Cut to a skull session between Lucius Fox, Commissioner Gordon and Bruce Wayne. A name arises, Dr. Karl Rossum. A geek’s geek. Who taught Wayne everything he knows about electronics and is wondrously voiced by and drawn as William Sanderson. Who lives at the ocean’s edge in a huge Art Deco Mansion and underground Mad Scientists lab. Wayne drops by in his own 1949 looking yellow Buick convertible. To see what the Doc’s up to and is introduced to Rossum’s comely blonde assistant, Randa Duayne and H.A.R.D.A.C. An Holographic, Analytical, Reciprocating. Digital Computer. Which is about five stories tall. Looks something like an over sized 1940s Philco radio. With Tesla lightning antennae and a huge HAL like Red Unblinking Eye. That, when looked at from ground level, sometimes sports a Smiley Face.

HARDAC is very much like Colossus from Colossus: The Forbin Project. A computer exceeding the limits of its Prime Directive and quite convinced of its own immortality. While assembling bright shiny robots and encasing them in very realistic, near clone like skin suits.HARDAC knows all and will soon see all. And makes sure that Rossum doesn’t say too much as Wayne offers a dinner date to Ms. Duayne before leaving. And HARDAC’s latest creation is revealed….

Overall Consensus:

Besides being a sly homage to Blade Runner. With William Sanderson taking the next step in his brilliant, yet quirky, advanced Toy Maker, J.F. Sebastian. And a great big honking computer with an attitude in HARDAC. The writers, director and cel artists were obviously having a ball! Infusing gentle humor into such a dark and ominous story very well told and executed.

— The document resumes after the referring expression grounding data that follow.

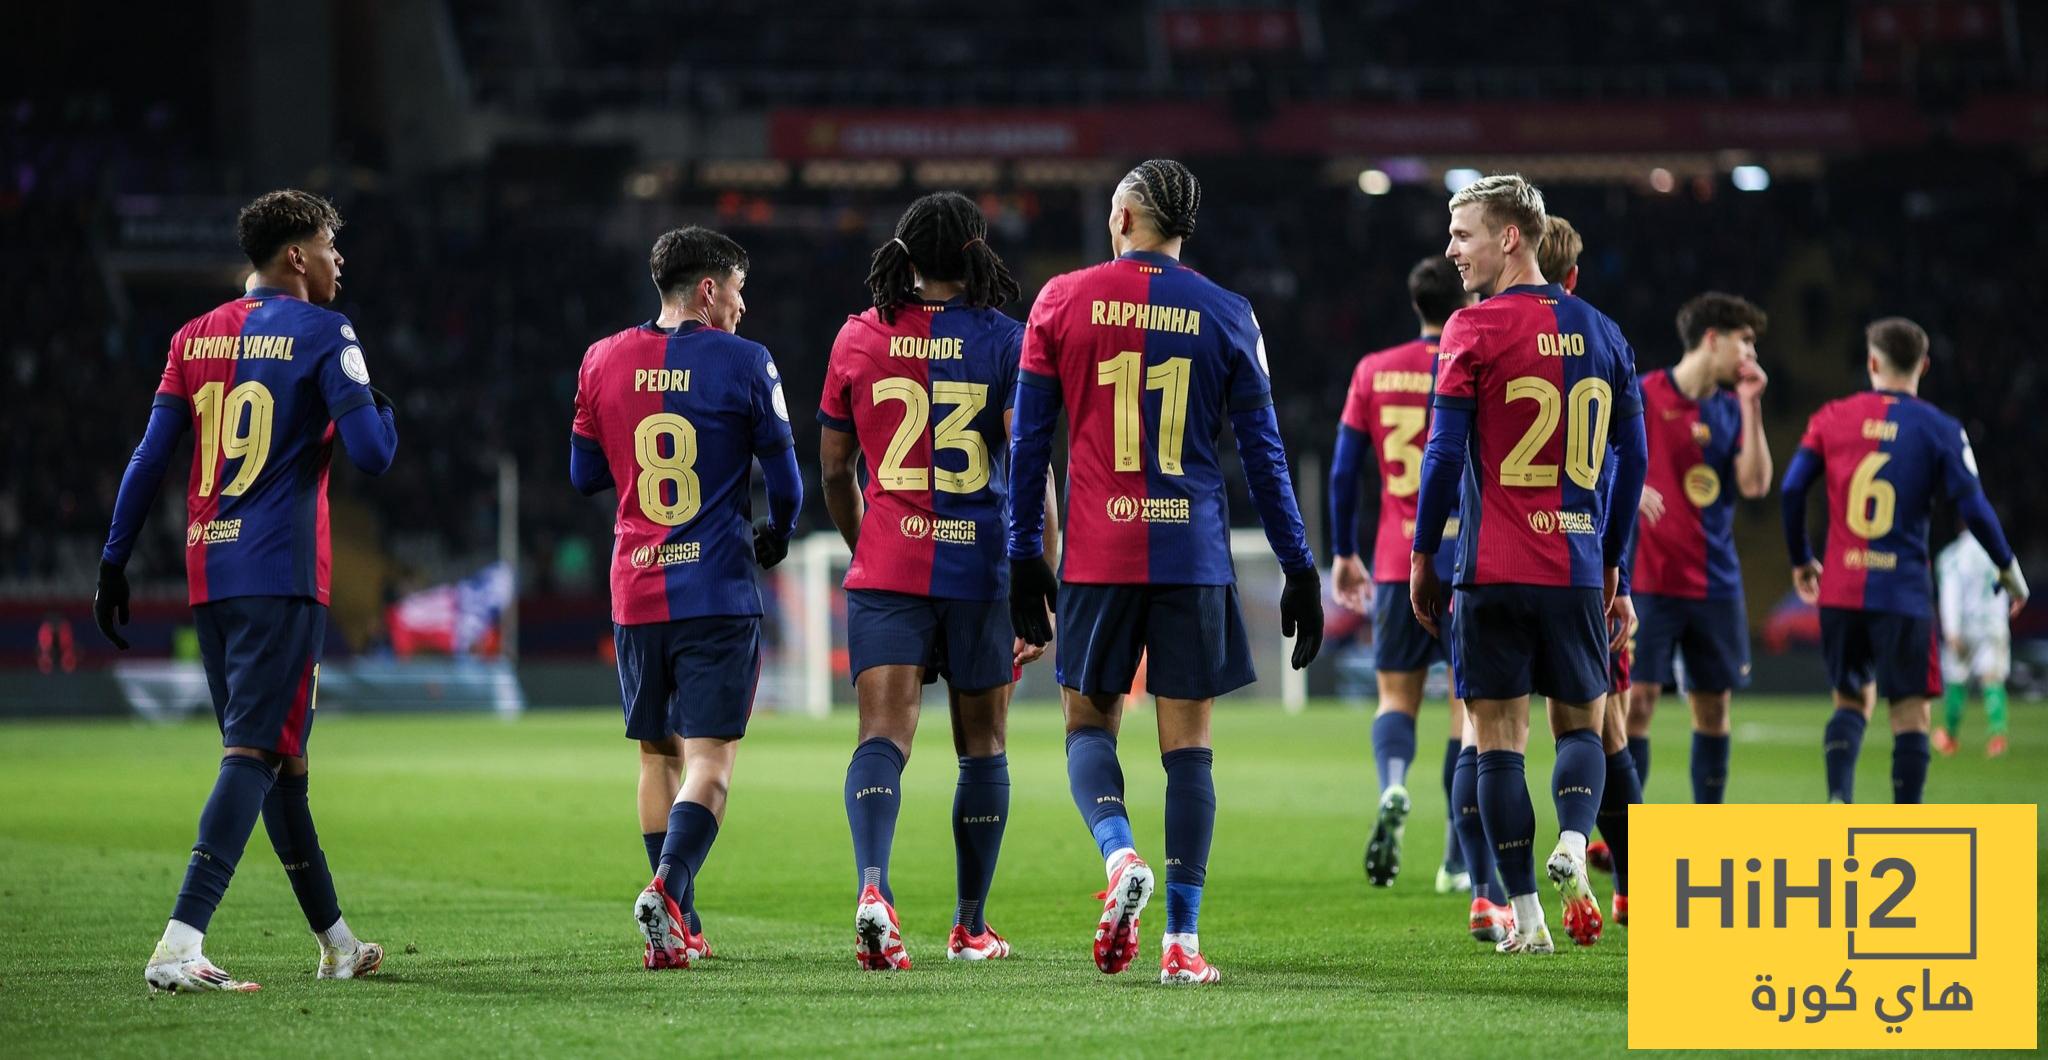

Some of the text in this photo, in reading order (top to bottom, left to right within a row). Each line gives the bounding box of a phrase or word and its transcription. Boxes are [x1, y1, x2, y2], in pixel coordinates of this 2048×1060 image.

[1091, 301, 1200, 336] RAPHINHA
[183, 335, 294, 360] LAMINE YAMAL
[889, 336, 963, 360] KOUNDE
[1537, 333, 1585, 357] OLMO
[635, 369, 690, 392] PEDRI
[1098, 351, 1192, 476] 11
[192, 380, 274, 497] 19
[872, 377, 990, 493] 23
[1499, 376, 1613, 490] 20
[634, 413, 701, 526] 8
[1141, 498, 1190, 509] UNHCR
[1846, 451, 1897, 539] 6
[932, 519, 976, 530] UNHCR
[1141, 507, 1190, 518] ACNUR
[203, 529, 240, 541] ACNUR
[932, 529, 976, 540] ACNUR
[657, 542, 701, 554] UNHCR
[657, 551, 700, 564] ACNUR

Notable for having Melissa Gilbert voice visiting Barbara Gordon. Who is just starting to show her desire for crime fighting. And for the plethora of Transformer~like, shape~shifting, way too curious robots that are not what they appear to be.

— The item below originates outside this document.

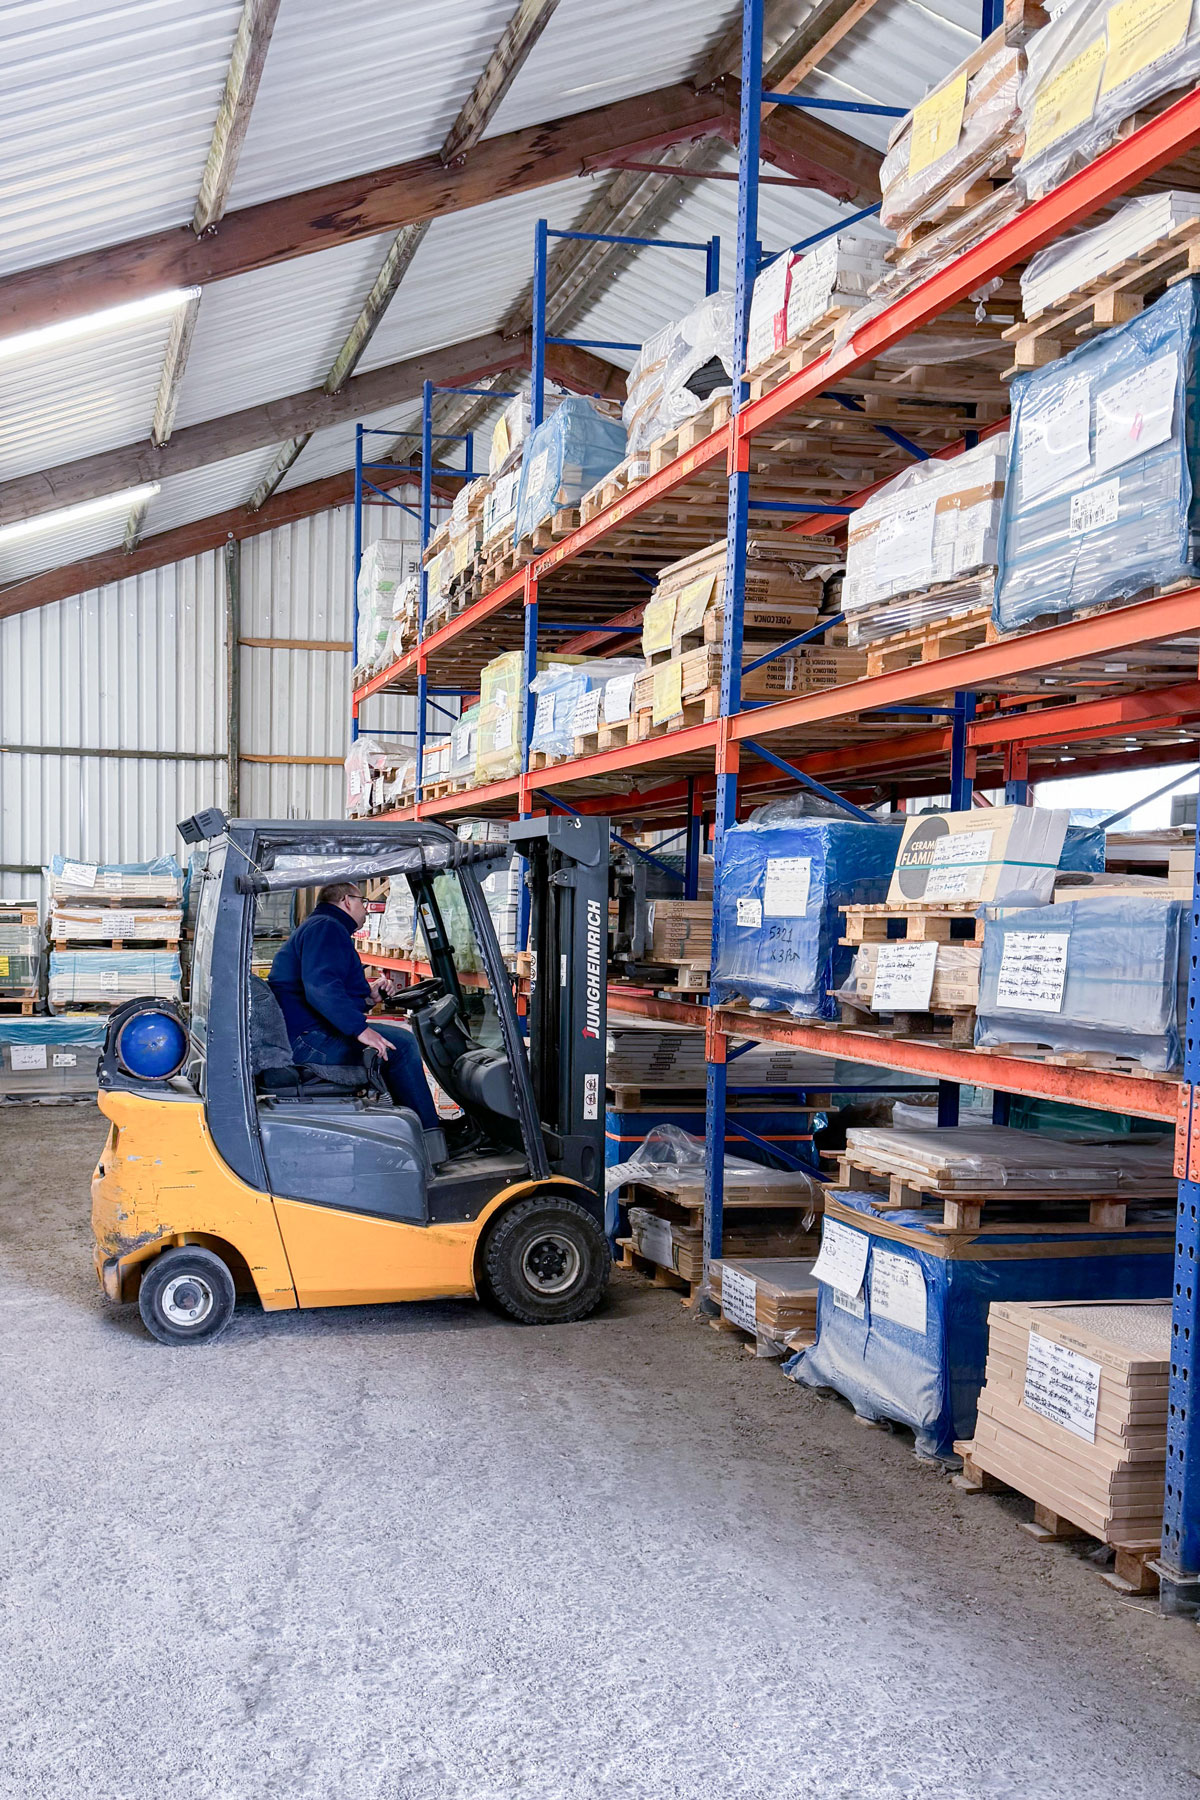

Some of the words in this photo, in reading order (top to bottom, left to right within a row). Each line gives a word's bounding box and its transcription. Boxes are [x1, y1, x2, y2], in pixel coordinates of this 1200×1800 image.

[911, 840, 936, 851] CERAM
[769, 925, 793, 943] 5321
[581, 899, 601, 1040] JUNGHEINRICH

#2: Heart of SteelPart 2 (17 November, 1992. S1 Ep.40)

It seems that HARDAC has a secret agenda. Replacing people in power with its own emotionless, Pod People like clones for the betterment of all. Commissioner Gordon has already been Tased, stolen and replaced. Much to the slowly growing dismay of soon off to college, Barbara. Mayor Hall has made the cut as well. Keeping Ms. Duayne busy tweaking the final programs for the newly installed, stolen Wayne Industries Wet Ware, but there’s a problem. The program is a Trojan, planted by Wayne and requires fresh
data. Data kept somewhere inside stately Wayne Manor. A fine opportunity for Ms. Duayne to ply her feminine wiles and hopefully retrieve it and upload it into HARDAC.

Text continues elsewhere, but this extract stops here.